Top of Records for the exercise
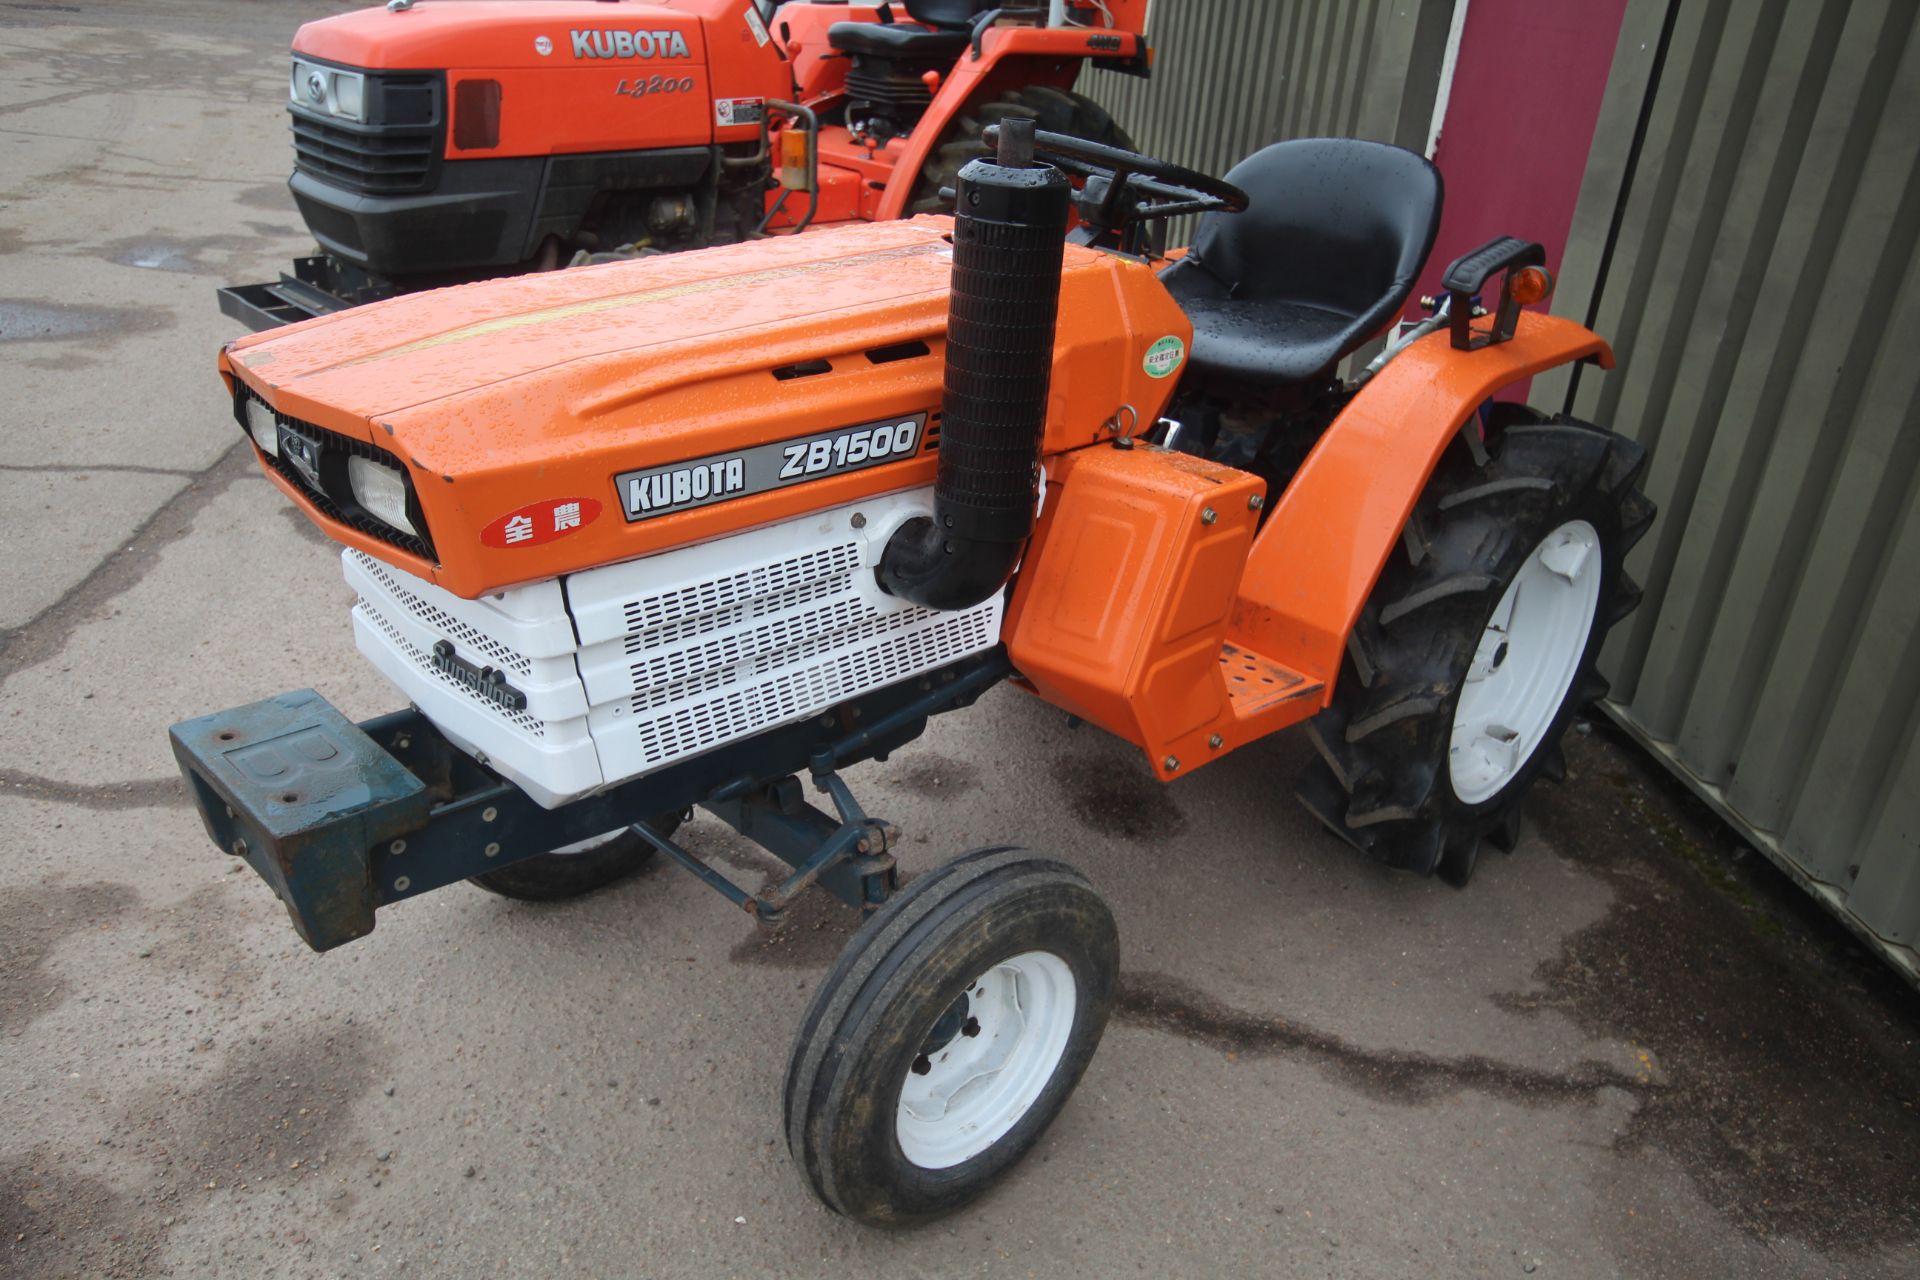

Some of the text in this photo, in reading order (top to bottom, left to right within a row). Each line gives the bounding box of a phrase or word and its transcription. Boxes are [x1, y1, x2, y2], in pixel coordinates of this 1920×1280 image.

[570, 30, 690, 58] KUBOTA
[616, 75, 694, 97] L3200
[629, 421, 917, 515] KUBOTA ZB1500
[431, 642, 517, 711] Sunshine
Bottom of Records for the exercise
#### [To do]
Your answer must be the full listing, reproduced word for word, without its pictures.

#### [Exercise solution]
Some of the text in this photo, in reading order (top to bottom, left to right within a row). Each line gives the bounding box of a phrase or word and its transcription. Boxes are [x1, y1, x2, y2], in pixel coordinates of this 1920×1280 image.

[570, 30, 690, 58] KUBOTA
[616, 75, 694, 97] L3200
[629, 421, 917, 515] KUBOTA ZB1500
[431, 642, 517, 711] Sunshine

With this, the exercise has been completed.